Problem to solve
Starting at the line with "Some of the words" in it, reproduce each line below through the last one, exactly, and include nothing else.

Source material: Begin

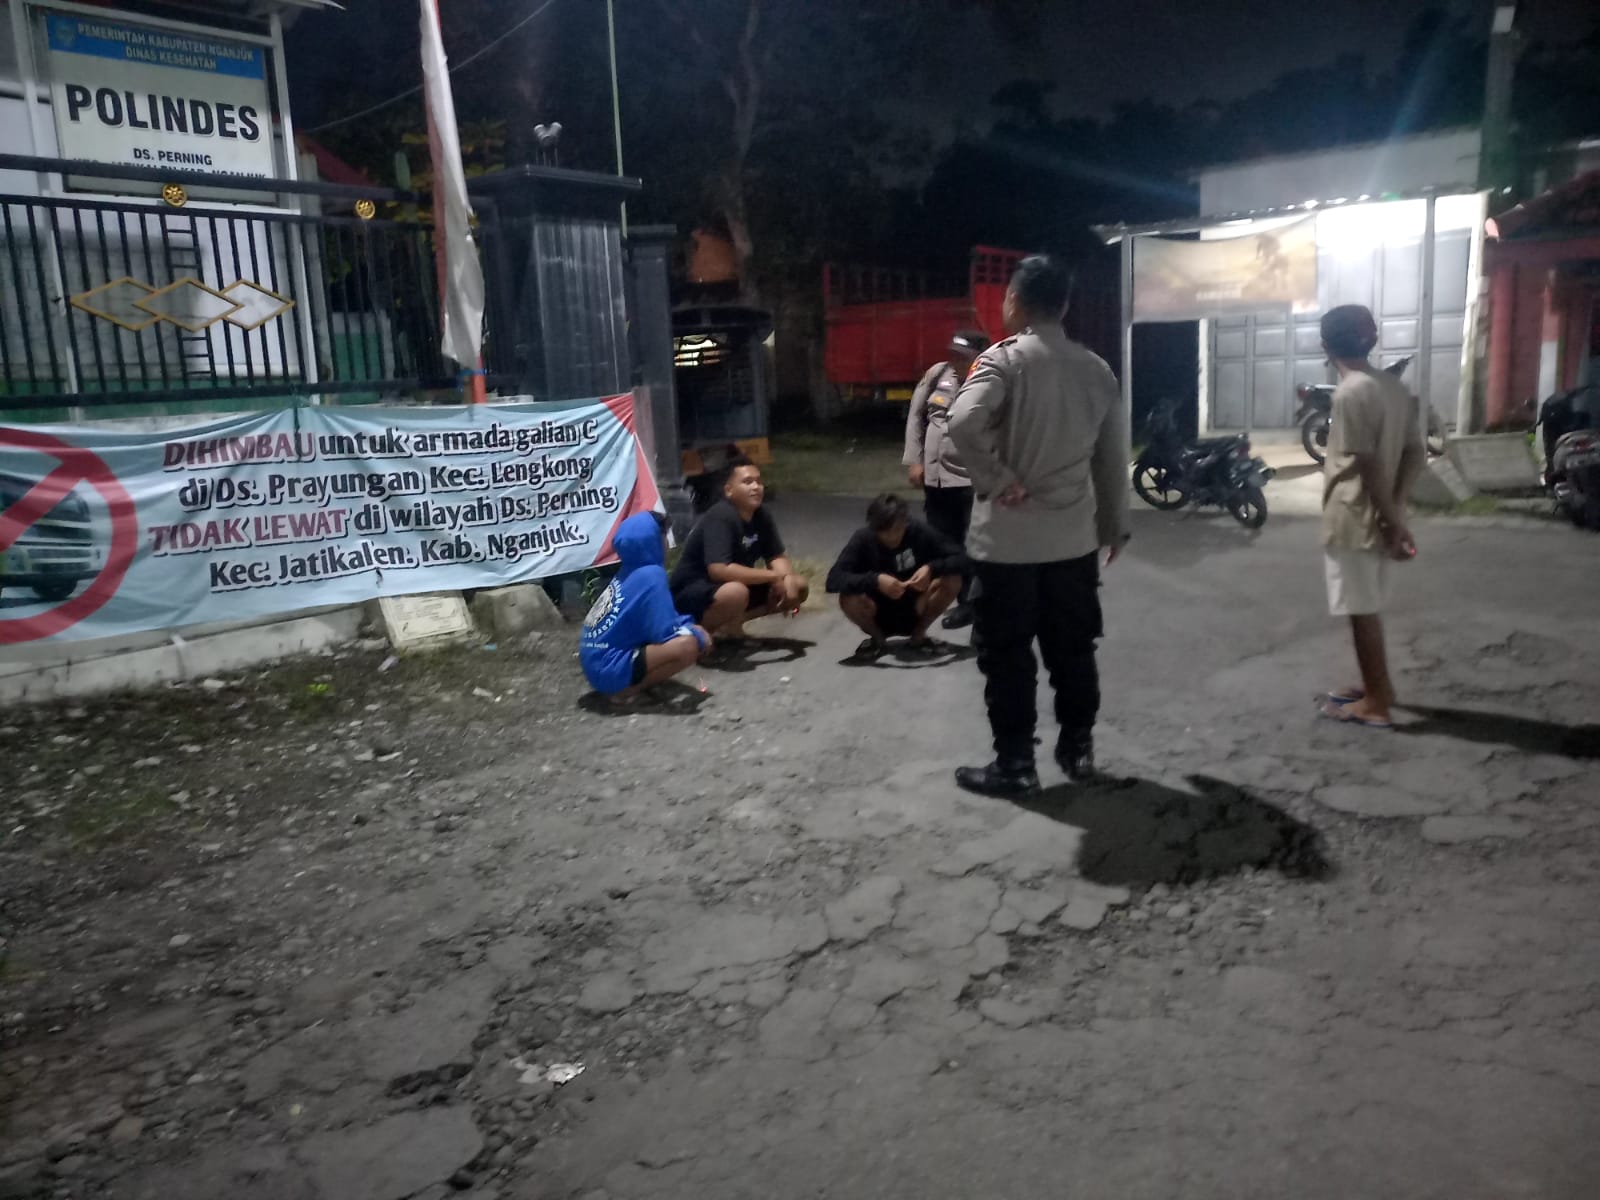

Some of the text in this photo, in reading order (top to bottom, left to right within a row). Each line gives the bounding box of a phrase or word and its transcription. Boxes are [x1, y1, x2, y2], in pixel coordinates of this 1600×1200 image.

[78, 23, 254, 62] PEMERINTAH KABUPATEN NGANJUK
[126, 45, 216, 70] DINAS KESEHATAN
[65, 84, 260, 141] POLINDES
[133, 148, 213, 166] DS. PERNING
[164, 419, 597, 466] DIHIMBAU untuk armada galian C
[178, 455, 593, 507] di Ds. Prayungan Kec. Lengkong
[149, 484, 616, 552] TIDAK LEWAT di wilayah Ds. Perning
[210, 560, 271, 588] Kec.
[422, 533, 481, 562] Kab.
[488, 523, 585, 558] Nganjuk.
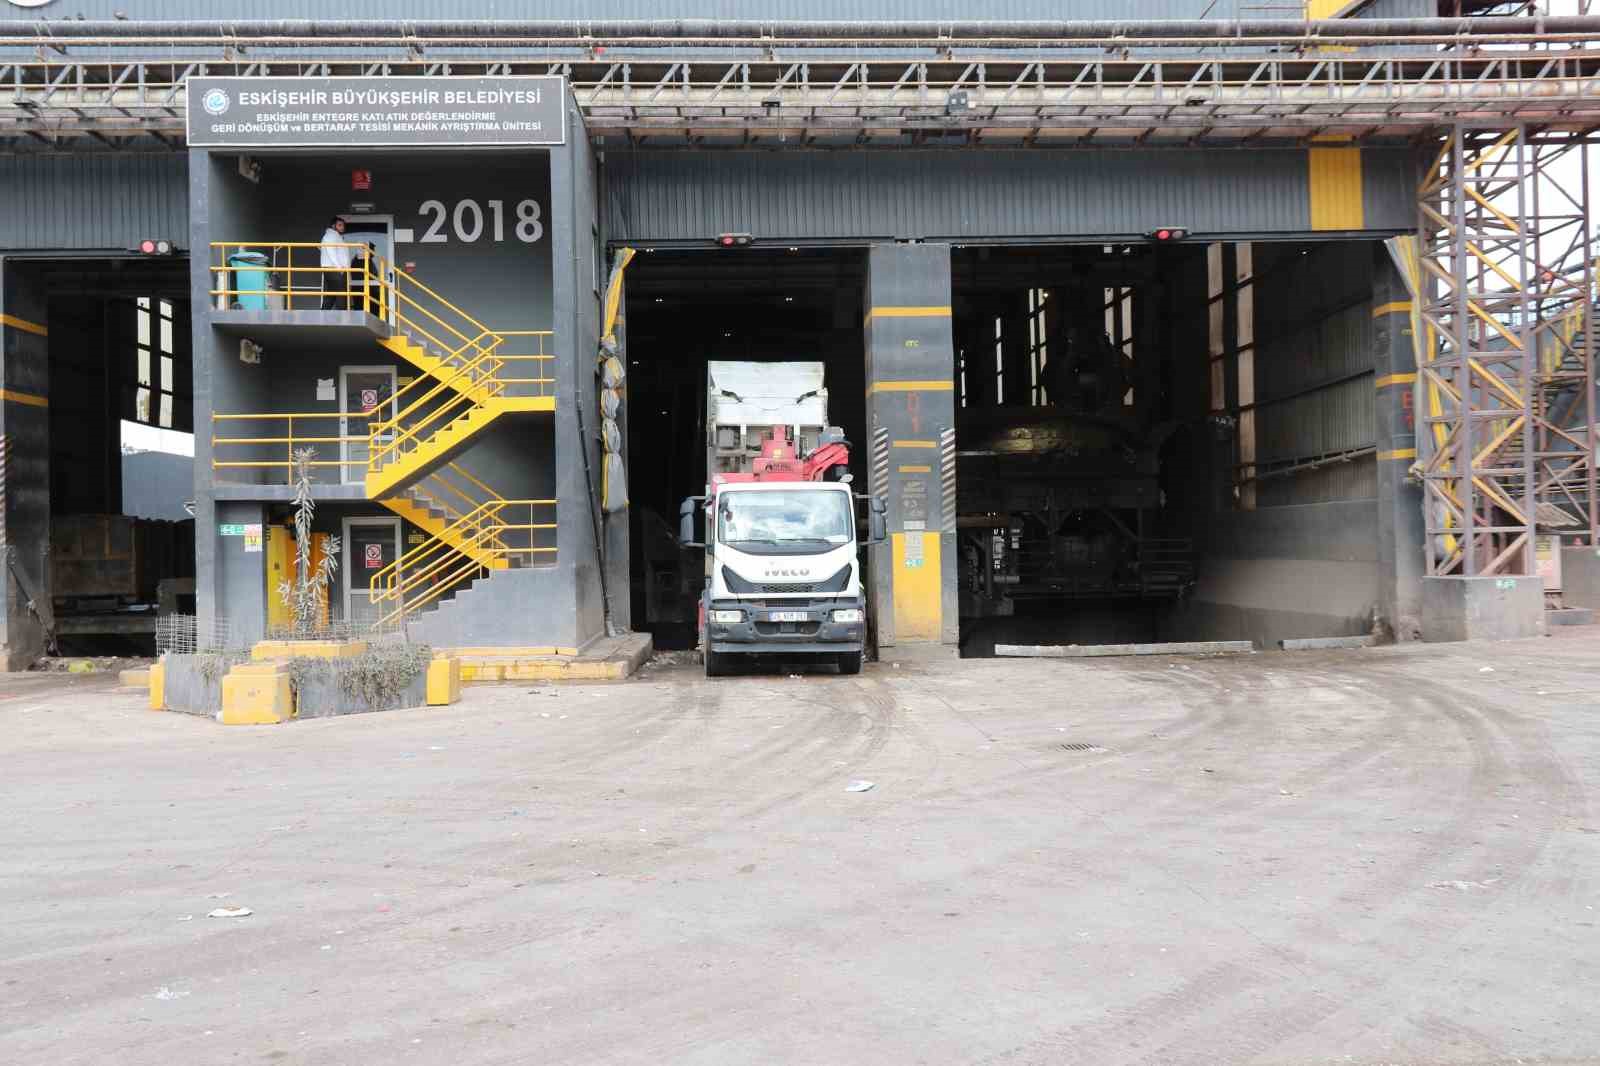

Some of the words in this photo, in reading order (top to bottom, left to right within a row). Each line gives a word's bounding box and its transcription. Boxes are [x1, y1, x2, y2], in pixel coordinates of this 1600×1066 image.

[239, 89, 328, 107] ESKİŞEHİR
[332, 88, 440, 107] BÜYÜKŞEHİR
[444, 88, 541, 104] BELEDİYESİ
[312, 113, 359, 121] ENTEGRE
[362, 112, 384, 121] KATI
[386, 112, 408, 121] ATIK
[411, 111, 496, 121] DEĞERLENDİRME
[211, 122, 235, 133] GERİ
[304, 123, 356, 132] BERTARAF

Source material: End

Task response
Some of the words in this photo, in reading order (top to bottom, left to right within a row). Each line gives a word's bounding box and its transcription. Boxes are [x1, y1, x2, y2], in pixel coordinates of this 1600×1066 image.

[239, 89, 328, 107] ESKİŞEHİR
[332, 88, 440, 107] BÜYÜKŞEHİR
[444, 88, 541, 104] BELEDİYESİ
[312, 113, 359, 121] ENTEGRE
[362, 112, 384, 121] KATI
[386, 112, 408, 121] ATIK
[411, 111, 496, 121] DEĞERLENDİRME
[211, 122, 235, 133] GERİ
[304, 123, 356, 132] BERTARAF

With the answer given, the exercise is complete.